Tabitha Hardin, a former resident of suburban Chicago, felt forced to move to Tennessee. When the economy shut down in 2020, her husband lost his job and her full-time hours dried up. The family’s income dropped from $90,000 to $14,000.

So Hardin took her last $100 and the family car south to Murfreesboro, Tenn., where the economy wasn’t shut down. Within a week she found a job, and her husband quickly did, too. A short time later, the family could afford a second car and their kids were back in school full-time. “We loved Illinois, but we’ve never bounced back so quickly,” Hardin said.

In recent years, powerful public-sector-union lobbyists have killed bipartisan bills in the Illinois General Assembly that would have provided more money to classrooms through school-district consolidation and allowed nurses from other states to more easily work in Illinois and fight pandemics. By comparison, Tennessee lawmakers have passed a series of practical measures, including replacing teachers’ ability to strike during negotiations with a collaborative-conferencing model — where both sides come to the table to negotiate in an open and friendly environment — and making it easier to fire underperforming state employees. Most significantly, they’ve also tackled pension reform, freeing government to spend money on services that support struggling families and attract new residents.

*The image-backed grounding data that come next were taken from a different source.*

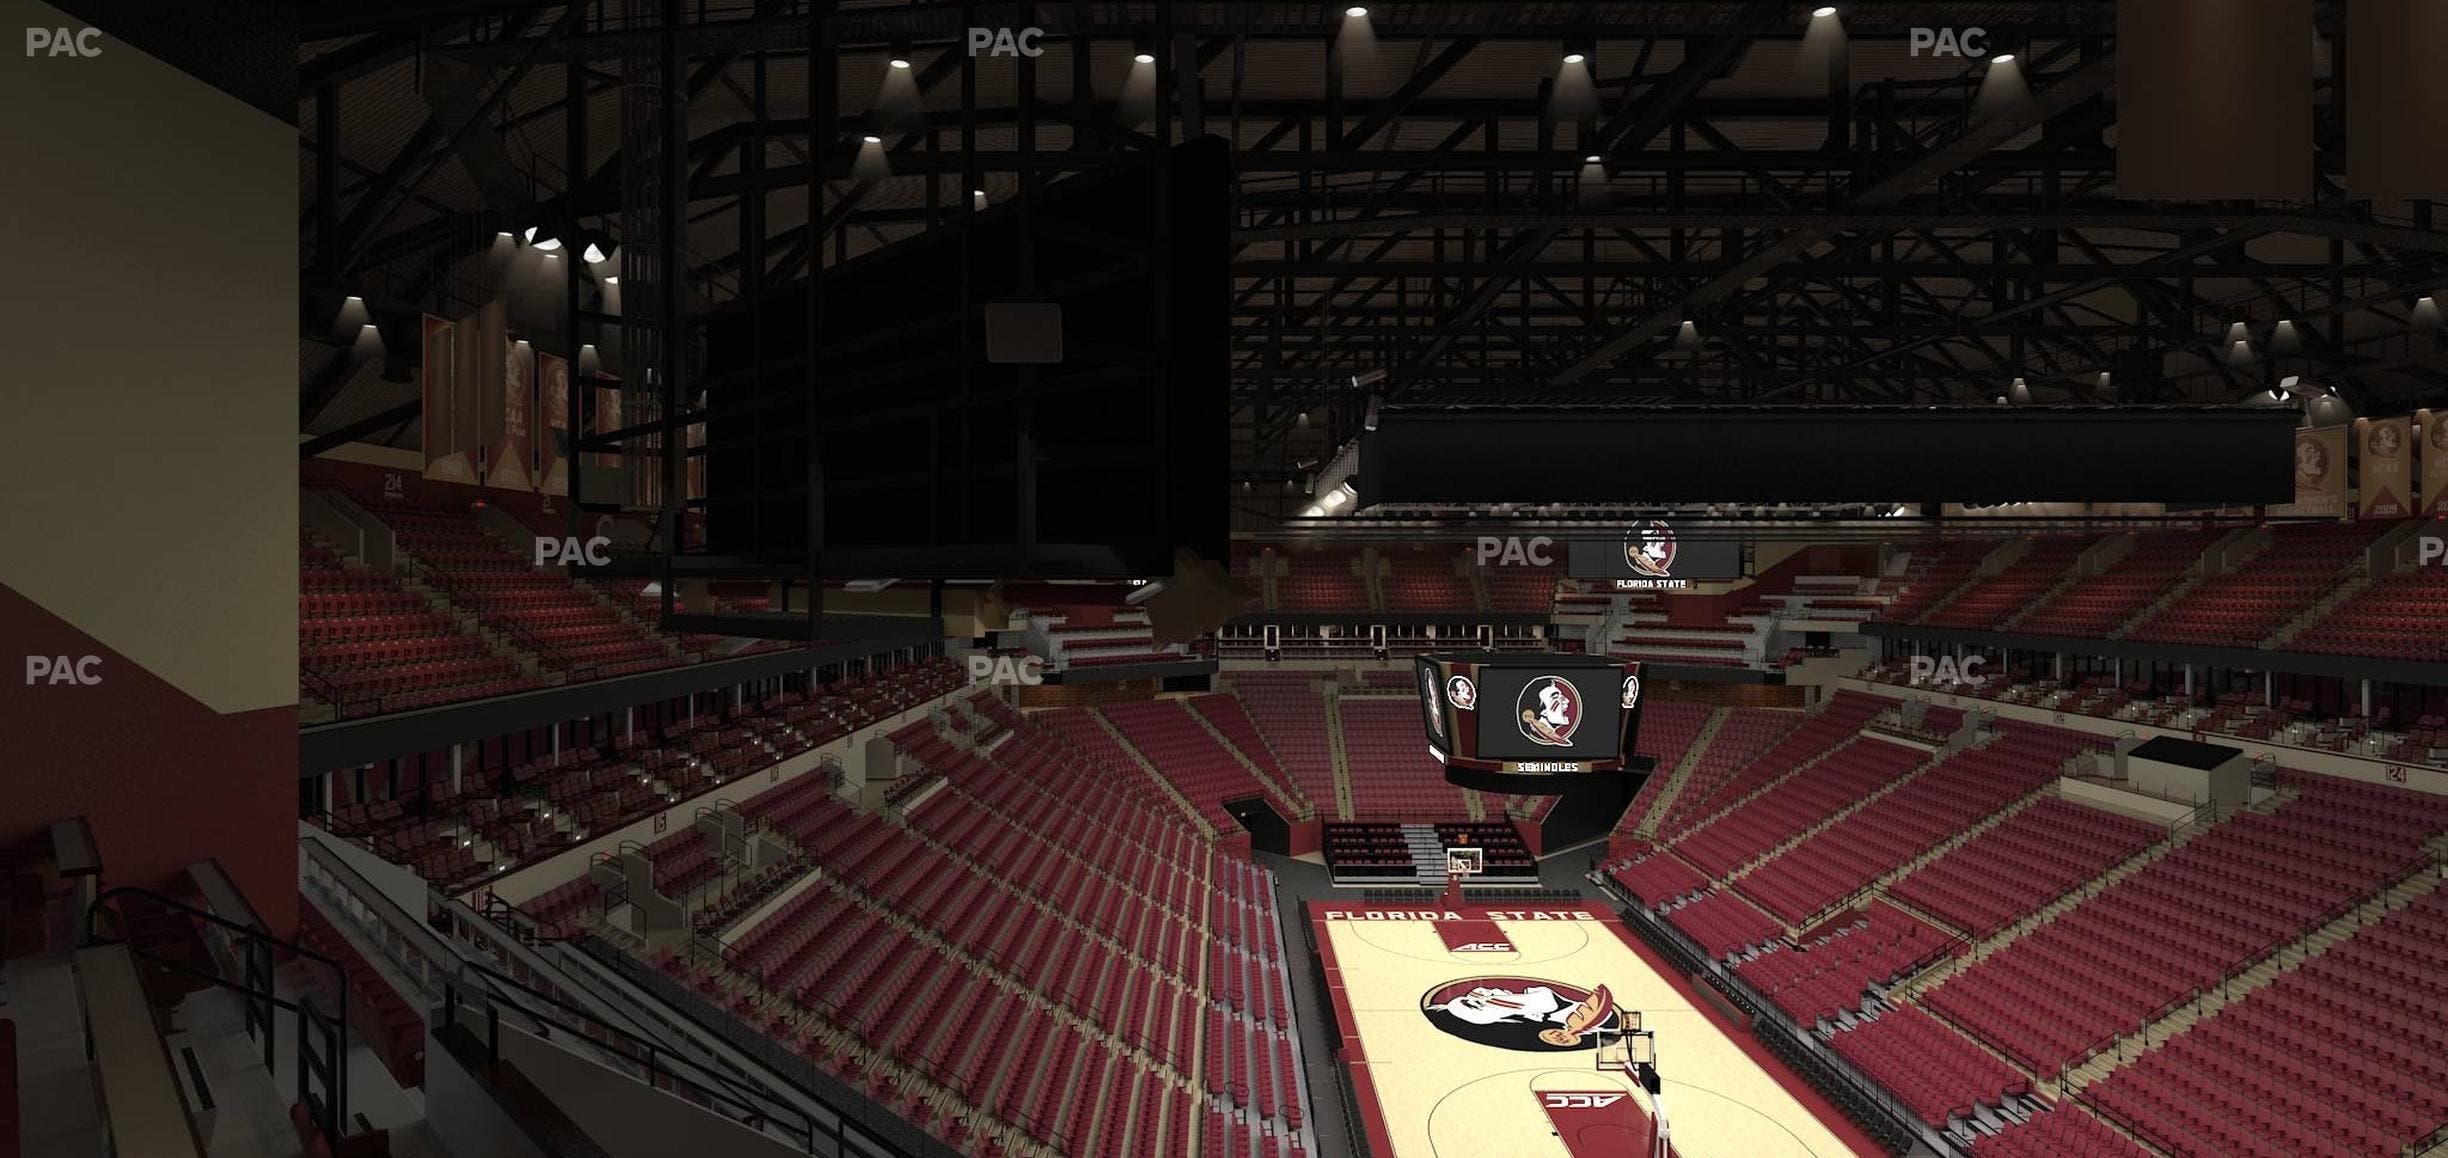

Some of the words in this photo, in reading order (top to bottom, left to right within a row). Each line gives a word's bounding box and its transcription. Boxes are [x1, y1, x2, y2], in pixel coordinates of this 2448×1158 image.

[1616, 580, 1654, 589] FLORIDA
[1656, 580, 1686, 589] STATE
[1517, 762, 1579, 772] SEMINOLES
[1324, 911, 1463, 921] FLORIDA
[1486, 911, 1596, 921] STATE
[1453, 943, 1510, 952] ACC
[1546, 1093, 1628, 1108] ACC

In Amendment 1 as well as in various policies, Tennessee lawmakers have made successful choices to encourage growth and open opportunities to workers such as Hardin. Time and again, Illinois legislators have chosen the opposite and enacted policies that favored a handful of workers at the expense of many.

As leaders of organizations that promote freer and more-competitive markets in our respective states, we have the unique experience of watching and living out a real-time “what could happen” if we walked a proverbial mile in each other’s shoes. So much of life comes down to choices. Tennessee lawmakers have made many of the right choices on economic policy, and now voters have a chance to solidify those gains with its Amendment 1 on the right to work.

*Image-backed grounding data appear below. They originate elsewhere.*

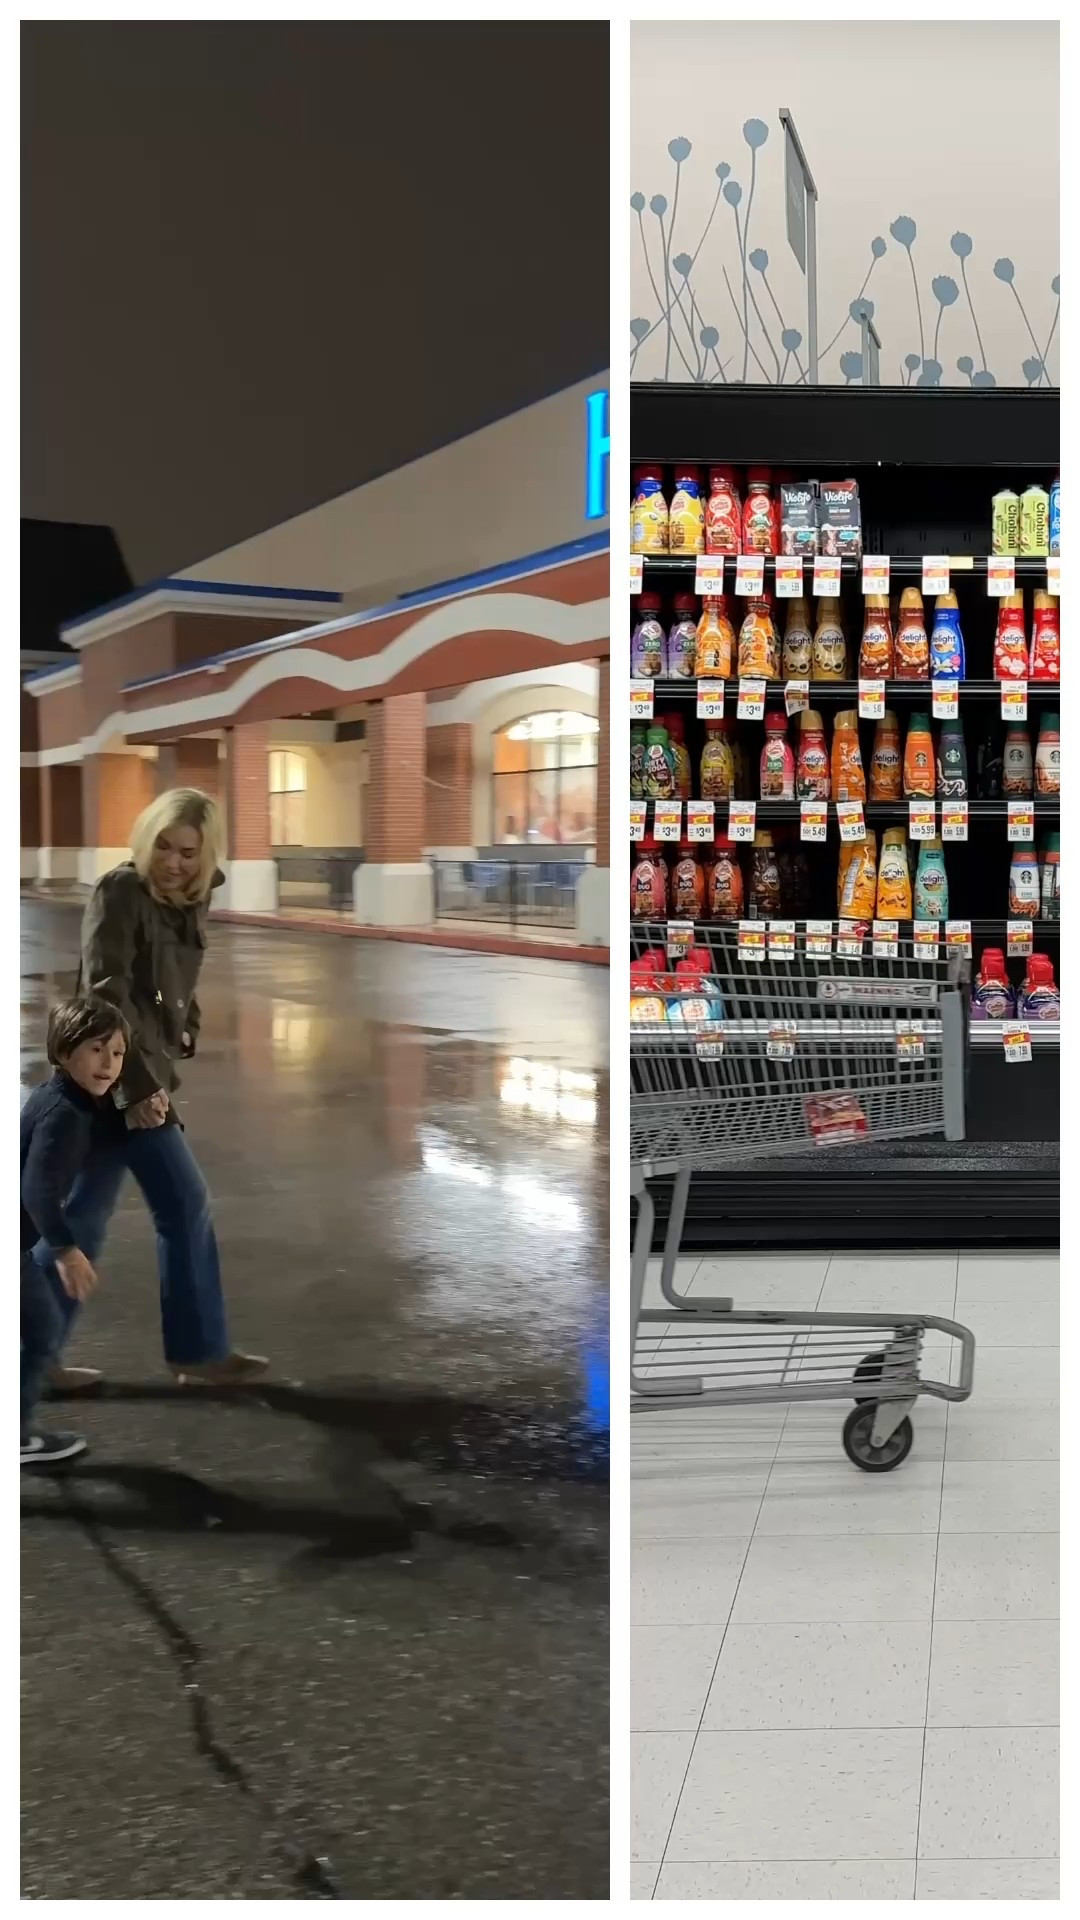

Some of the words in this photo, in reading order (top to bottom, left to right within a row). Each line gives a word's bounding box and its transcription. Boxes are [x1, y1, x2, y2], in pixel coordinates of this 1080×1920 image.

[785, 491, 812, 505] Violife
[824, 491, 853, 504] Violife
[1008, 504, 1018, 549] Chobani
[1036, 502, 1046, 547] Chobani
[786, 637, 811, 646] delight
[874, 754, 899, 763] delight
[812, 826, 826, 836] 5.49
[920, 875, 945, 885] delight

The other Amendment 1 is a chance for Illinois to dig itself deeper into a hole. Or it’s a chance to damage the unholy alliance through which state lawmakers give unaffordable benefits to the public-sector unions that fund their campaigns.

Blues or country. Chicago dogs or fried pickles. Those should be the reasons to pick one state over the other — not because state lawmakers hand you hard choices about jobs and taxes.

— Matt Paprocki is the president of the Illinois Policy Institute. Justin Owen is the president and CEO of the Beacon Center of Tennessee.